=== Task data ===
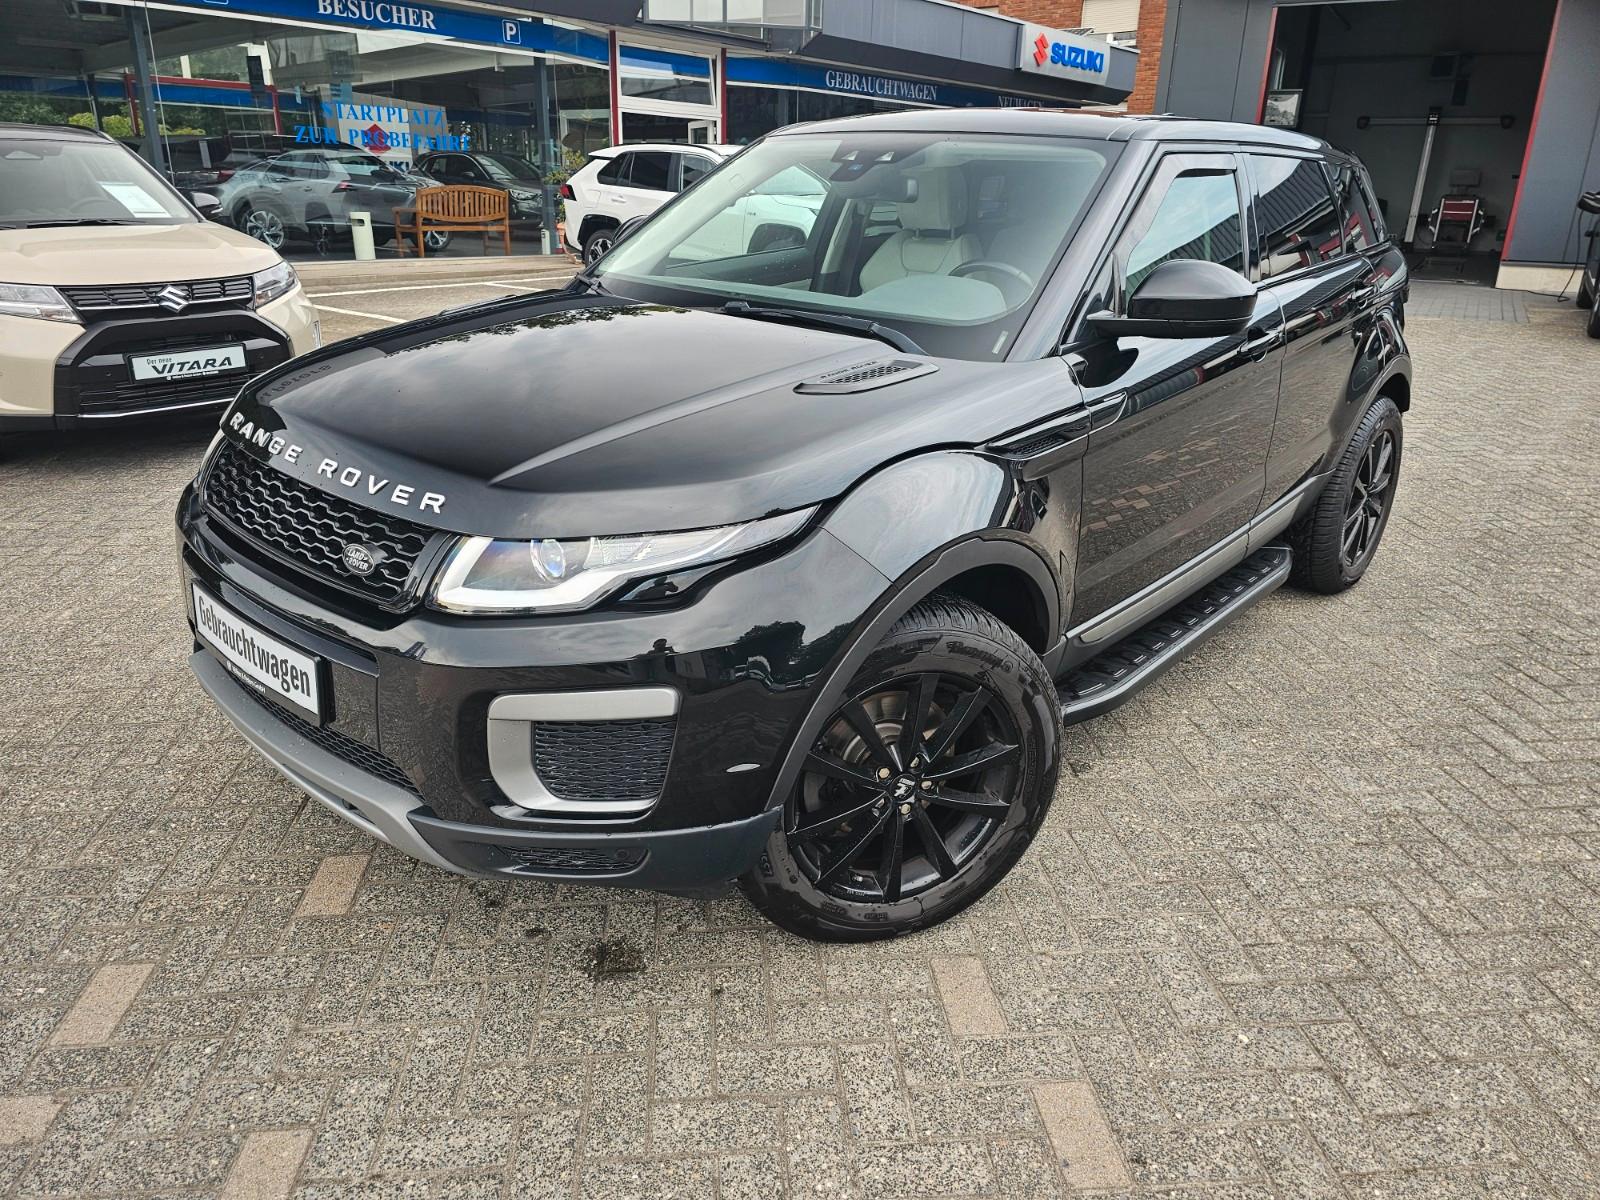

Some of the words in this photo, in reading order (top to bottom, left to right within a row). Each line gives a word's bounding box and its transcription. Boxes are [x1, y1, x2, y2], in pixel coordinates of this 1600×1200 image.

[317, 0, 436, 30] BESUCHER
[505, 22, 517, 41] P
[1050, 42, 1104, 73] SUZUKI
[825, 70, 938, 101] GEBRAUCHTWAGEN
[320, 101, 444, 126] STARTPLATZ
[294, 125, 339, 145] ZUR
[349, 128, 471, 152] PROBEFAHRT
[151, 356, 232, 375] VITARA
[229, 411, 303, 464] RANGE
[317, 458, 446, 514] ROVER
[198, 595, 312, 698] Gebrauchtwagen
===
◆ Required action
Return the listing above in full and exactly, omitting all pictures.

◆ Solution to this problem
Some of the words in this photo, in reading order (top to bottom, left to right within a row). Each line gives a word's bounding box and its transcription. Boxes are [x1, y1, x2, y2], in pixel coordinates of this 1600×1200 image.

[317, 0, 436, 30] BESUCHER
[505, 22, 517, 41] P
[1050, 42, 1104, 73] SUZUKI
[825, 70, 938, 101] GEBRAUCHTWAGEN
[320, 101, 444, 126] STARTPLATZ
[294, 125, 339, 145] ZUR
[349, 128, 471, 152] PROBEFAHRT
[151, 356, 232, 375] VITARA
[229, 411, 303, 464] RANGE
[317, 458, 446, 514] ROVER
[198, 595, 312, 698] Gebrauchtwagen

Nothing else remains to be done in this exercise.